──────── THE INPUT

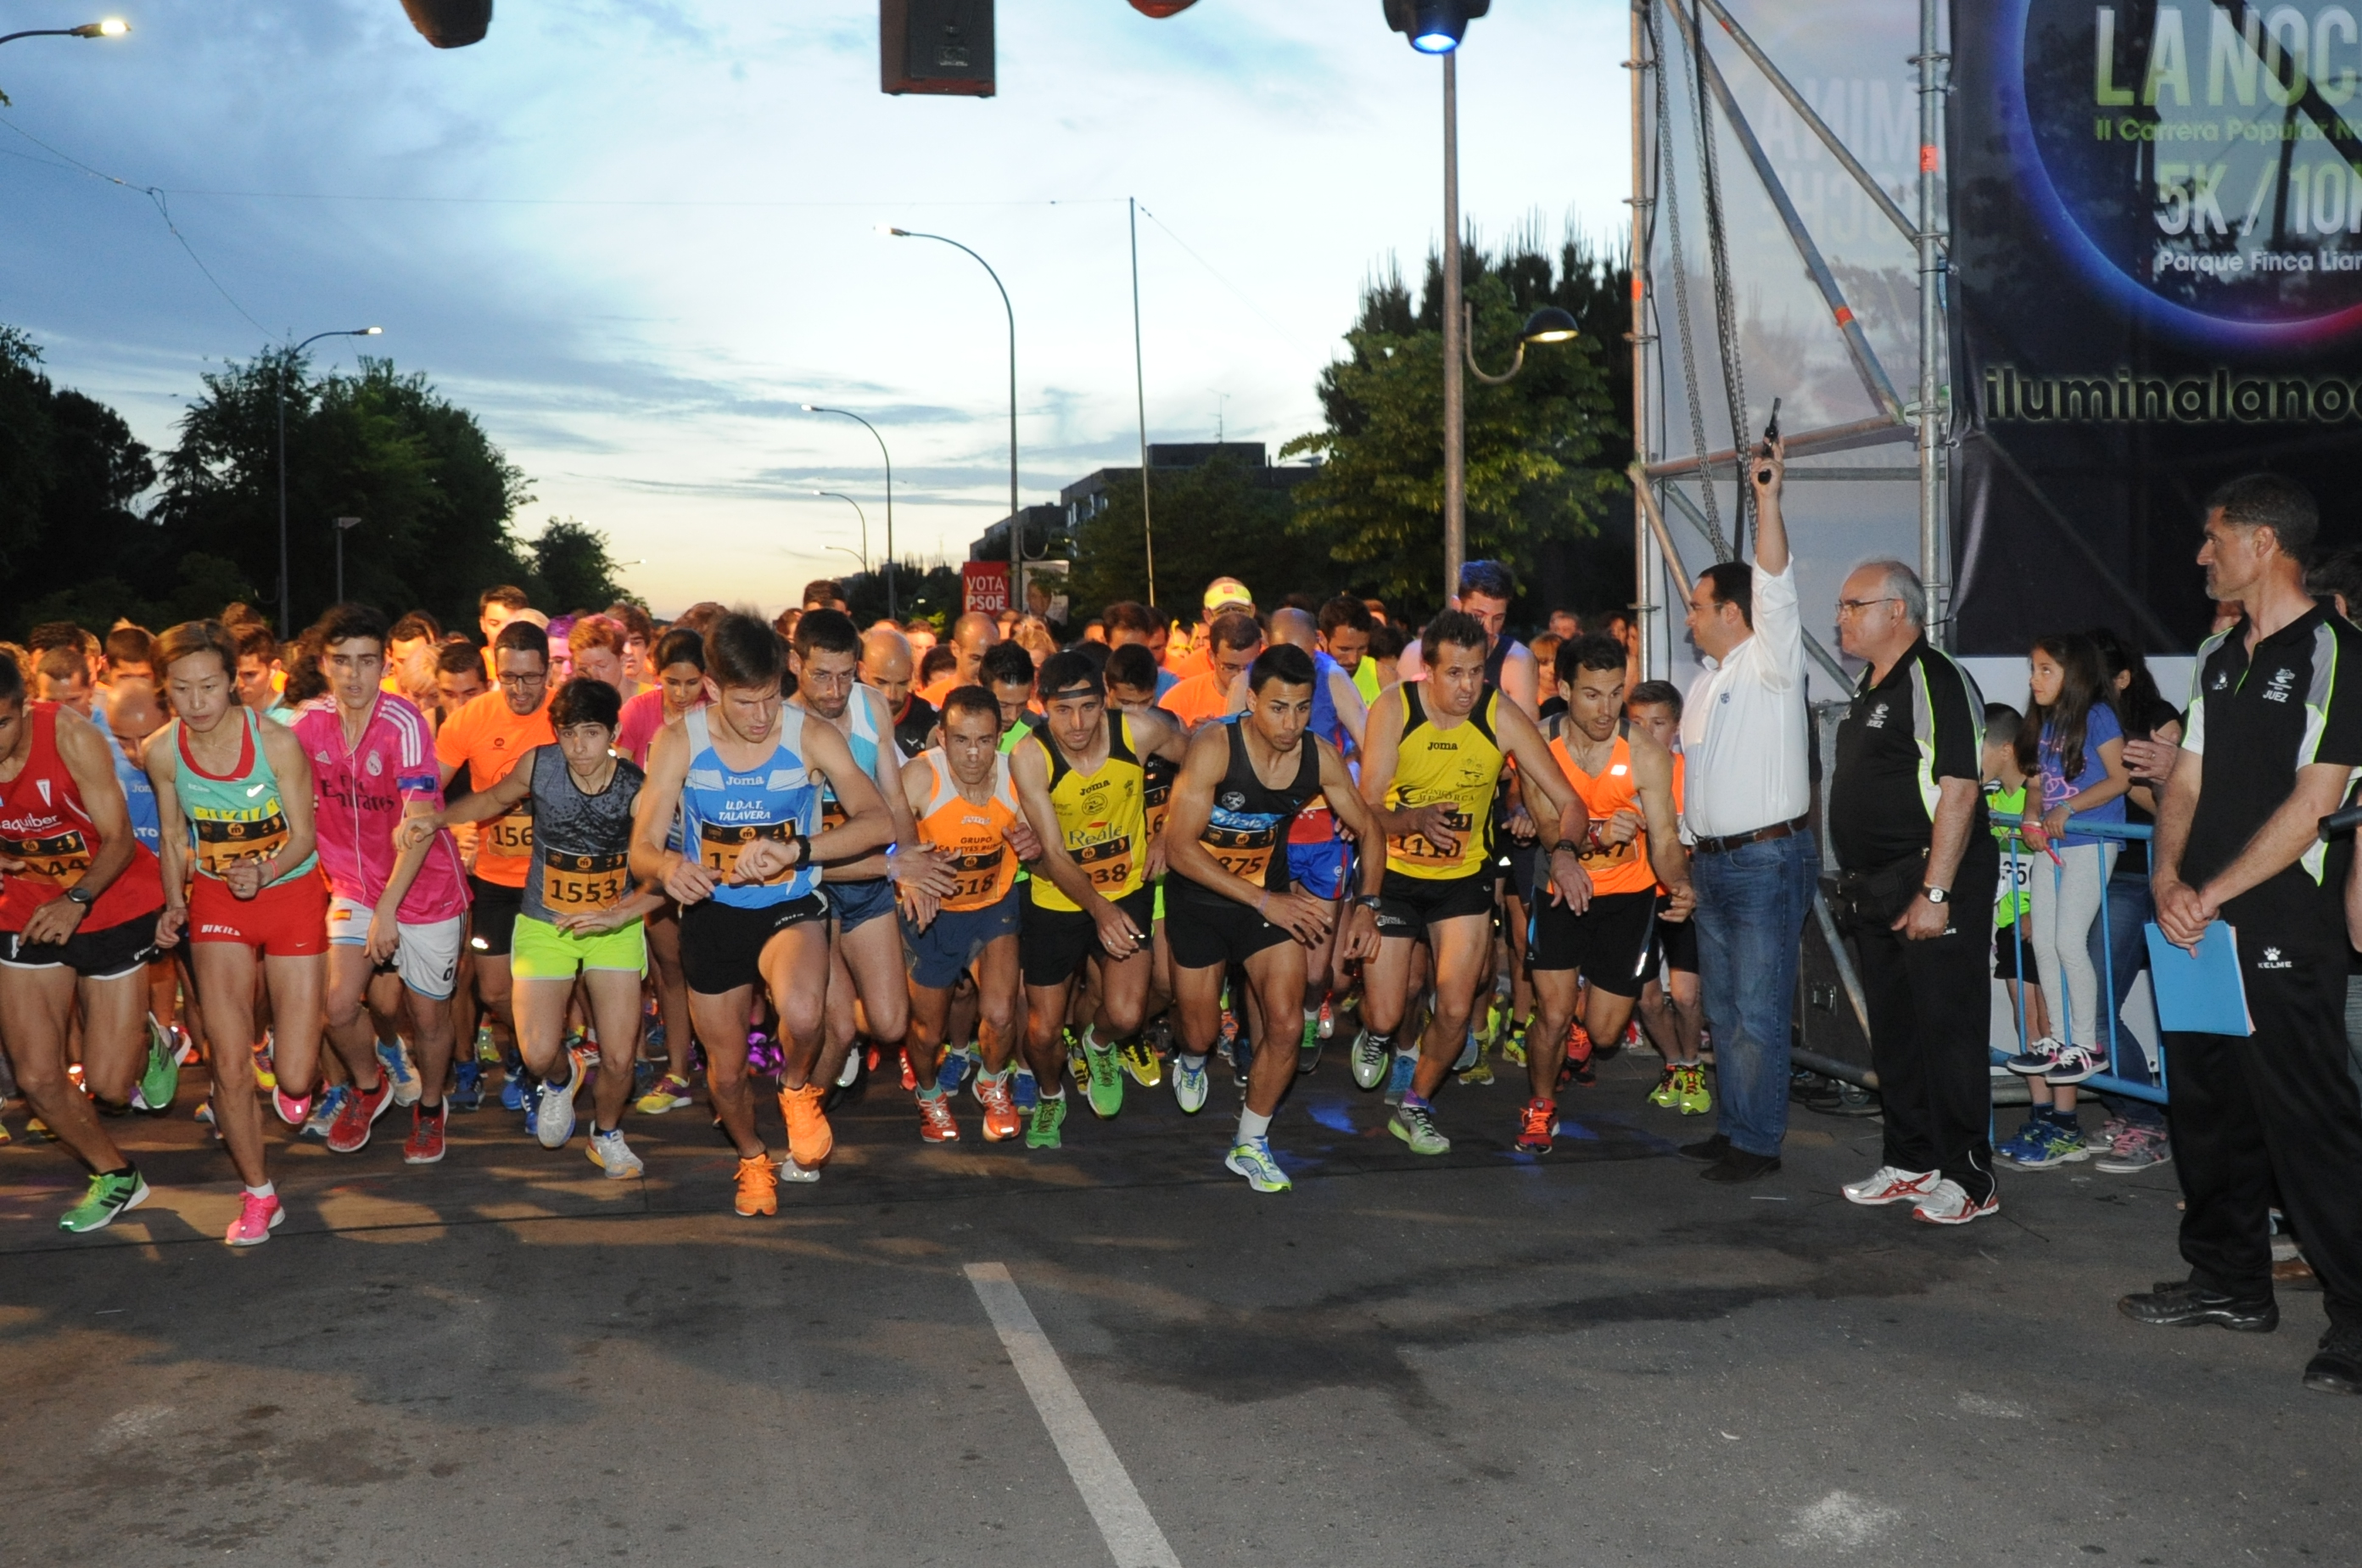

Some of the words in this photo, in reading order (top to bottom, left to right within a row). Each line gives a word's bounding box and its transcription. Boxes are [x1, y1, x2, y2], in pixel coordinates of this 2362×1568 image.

[2120, 118, 2219, 142] Carrera
[2227, 116, 2328, 145] Popular
[2155, 165, 2229, 235] 5K
[2160, 250, 2244, 276] Parque
[2251, 251, 2314, 272] Finca
[966, 576, 1005, 591] VOTA
[966, 596, 1005, 610] PSOE
[2263, 690, 2289, 703] JUEZ
[719, 811, 771, 821] TALAVERA
[1069, 821, 1123, 848] Reale
[551, 878, 618, 903] 1553
[2257, 960, 2292, 969] KELME
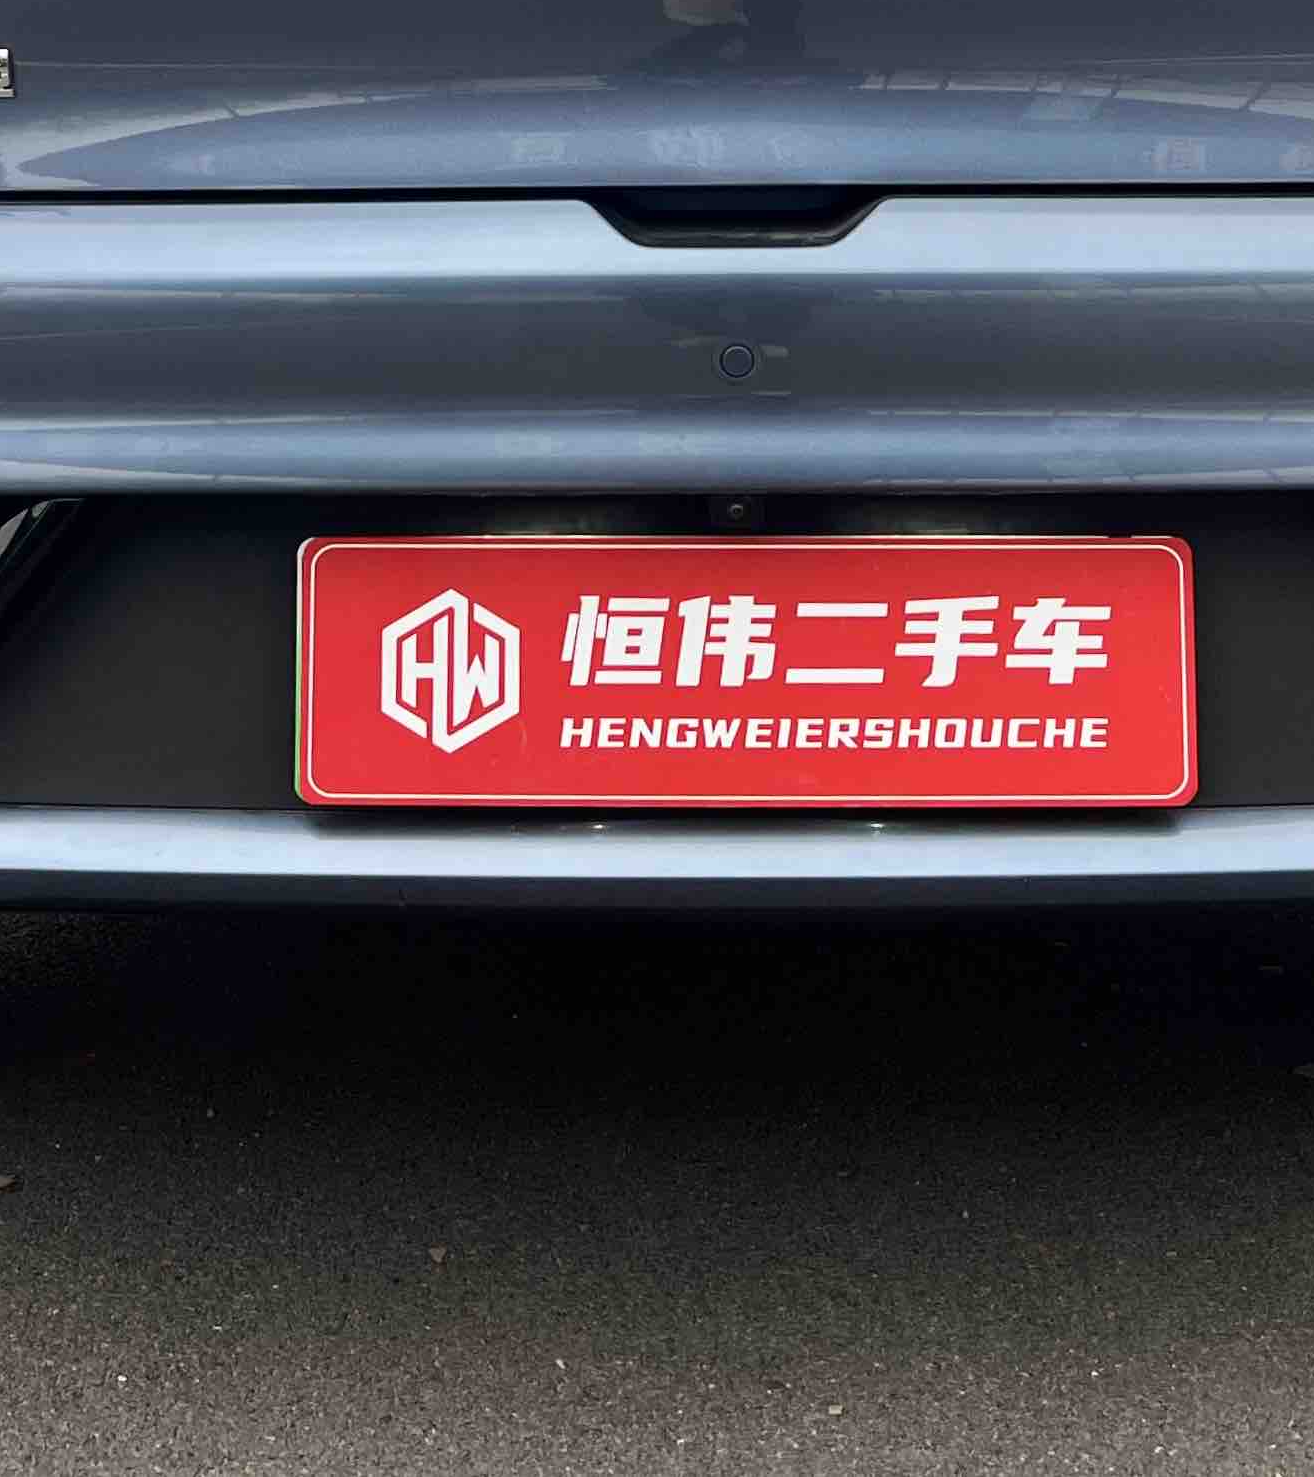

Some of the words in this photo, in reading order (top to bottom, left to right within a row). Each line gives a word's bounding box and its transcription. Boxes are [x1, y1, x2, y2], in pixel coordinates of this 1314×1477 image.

[560, 594, 1112, 687] 恒伟二手车
[559, 717, 1109, 748] HENGWEIERSHOUCHE
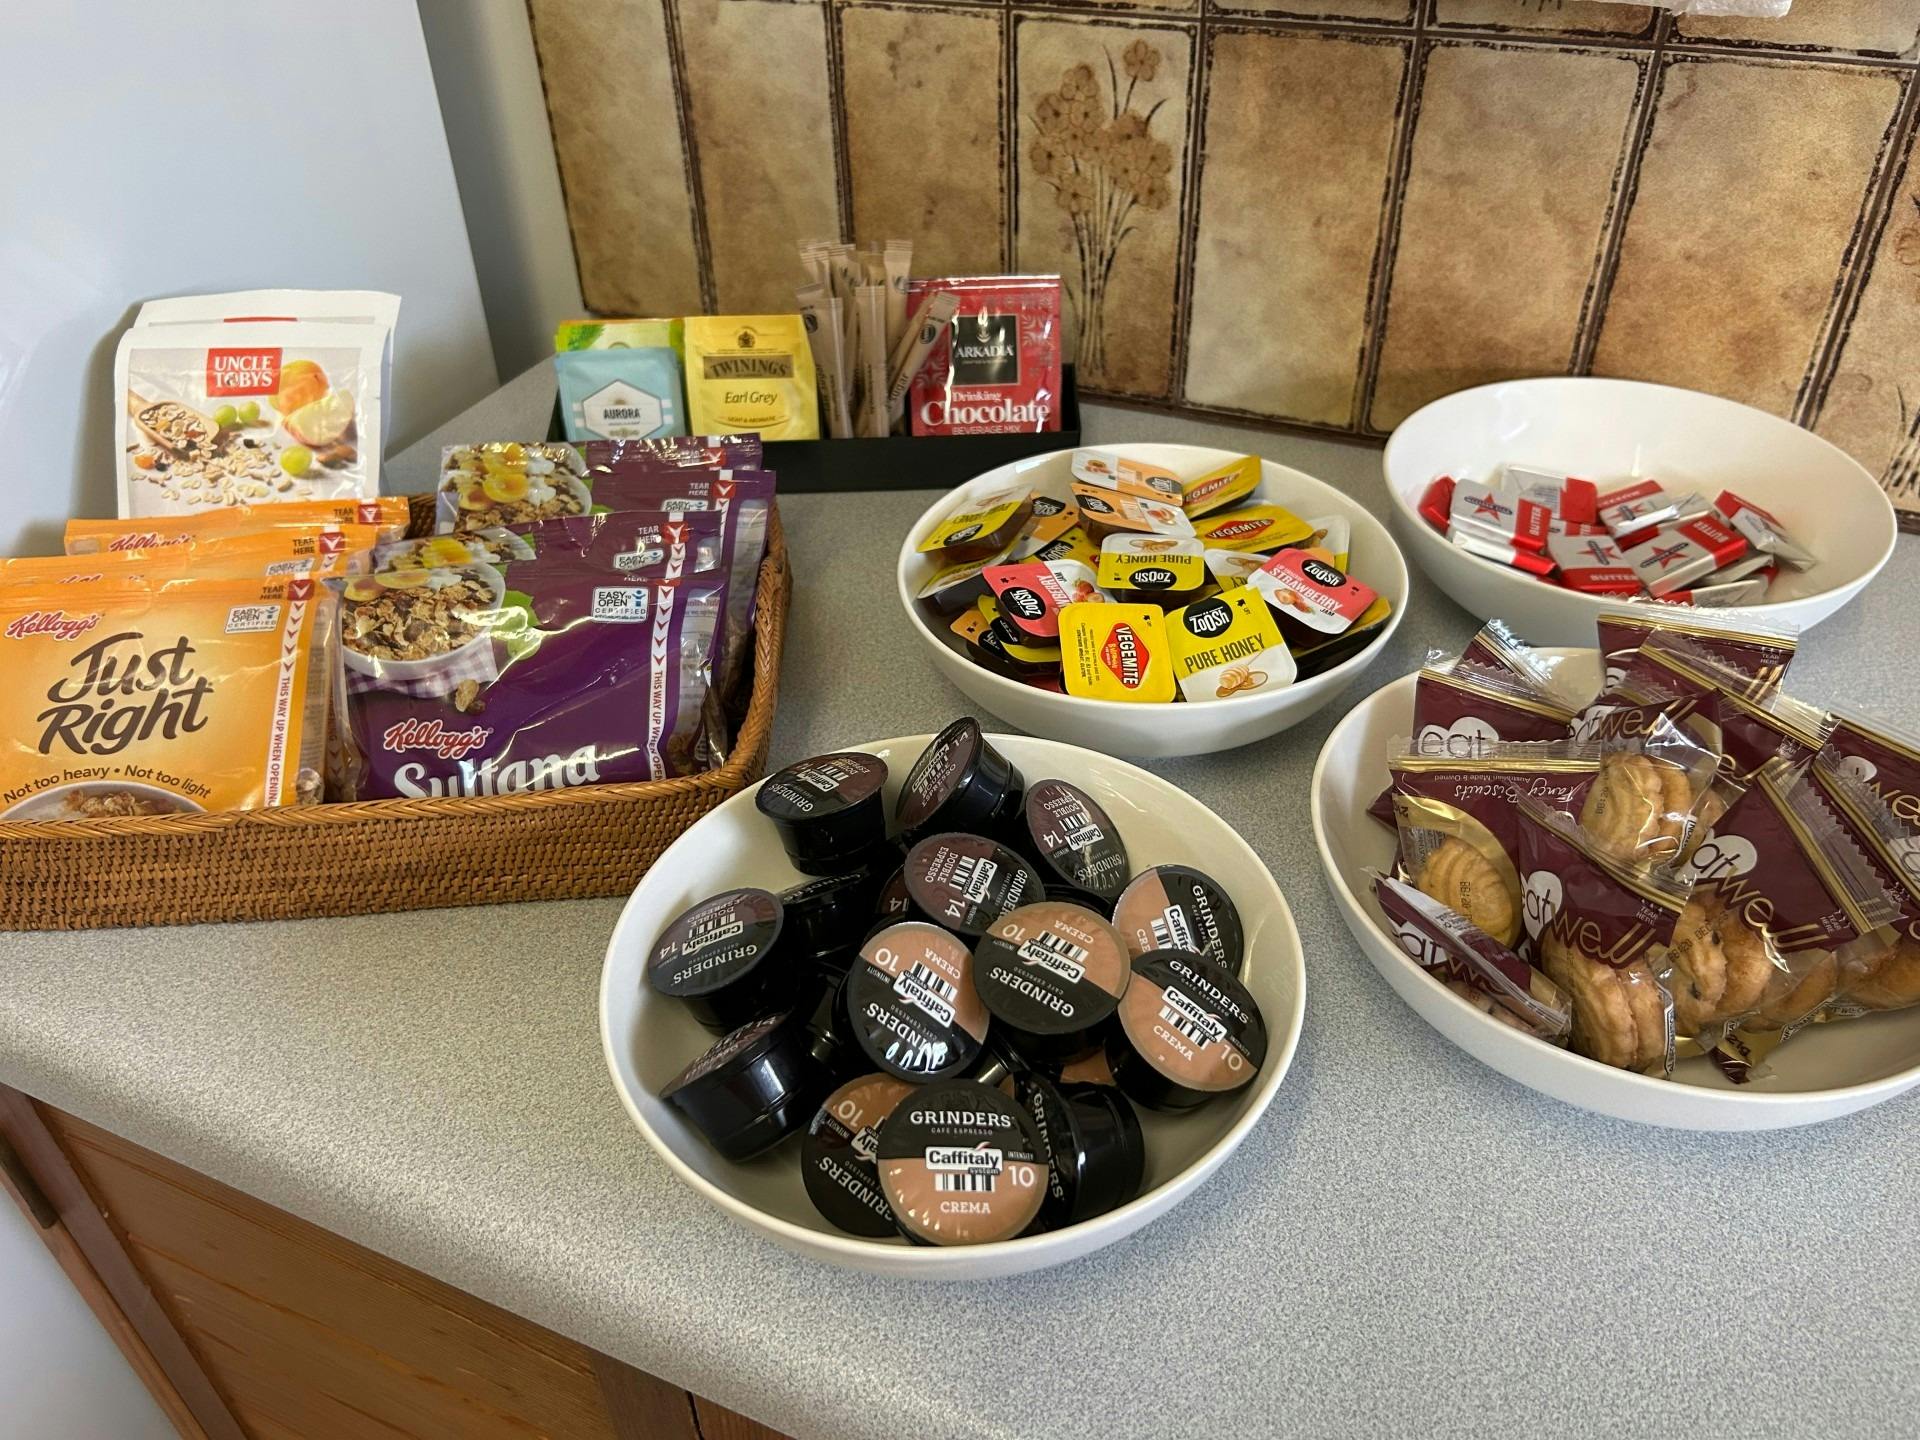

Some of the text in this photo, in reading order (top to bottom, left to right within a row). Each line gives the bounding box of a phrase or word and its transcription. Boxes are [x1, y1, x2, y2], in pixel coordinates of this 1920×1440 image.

────────────────

BRIEF
This task asks for the data above repeated exactly, without a single picture.

TASK RESULT
Some of the words in this photo, in reading order (top to bottom, left to right within a row). Each line gives a word's bounding box and its transcription. Boxes are [x1, y1, x2, y2], in pixel coordinates of this 2362×1568 image.

[2120, 118, 2219, 142] Carrera
[2227, 116, 2328, 145] Popular
[2155, 165, 2229, 235] 5K
[2160, 250, 2244, 276] Parque
[2251, 251, 2314, 272] Finca
[966, 576, 1005, 591] VOTA
[966, 596, 1005, 610] PSOE
[2263, 690, 2289, 703] JUEZ
[719, 811, 771, 821] TALAVERA
[1069, 821, 1123, 848] Reale
[551, 878, 618, 903] 1553
[2257, 960, 2292, 969] KELME

Some of the words in this photo, in reading order (top to bottom, left to right within a row). Each line gives a word's bounding box and its transcription. Boxes are [x1, y1, x2, y2], in pixel coordinates of this 1314×1477 image.

[560, 594, 1112, 687] 恒伟二手车
[559, 717, 1109, 748] HENGWEIERSHOUCHE

Some of the text in this photo, in reading order (top to bottom, left to right within a row). Each line gives the bounding box of a phrase or word and its transcription. Boxes are [x1, y1, x2, y2], in pixel coordinates of this 1920×1440 image.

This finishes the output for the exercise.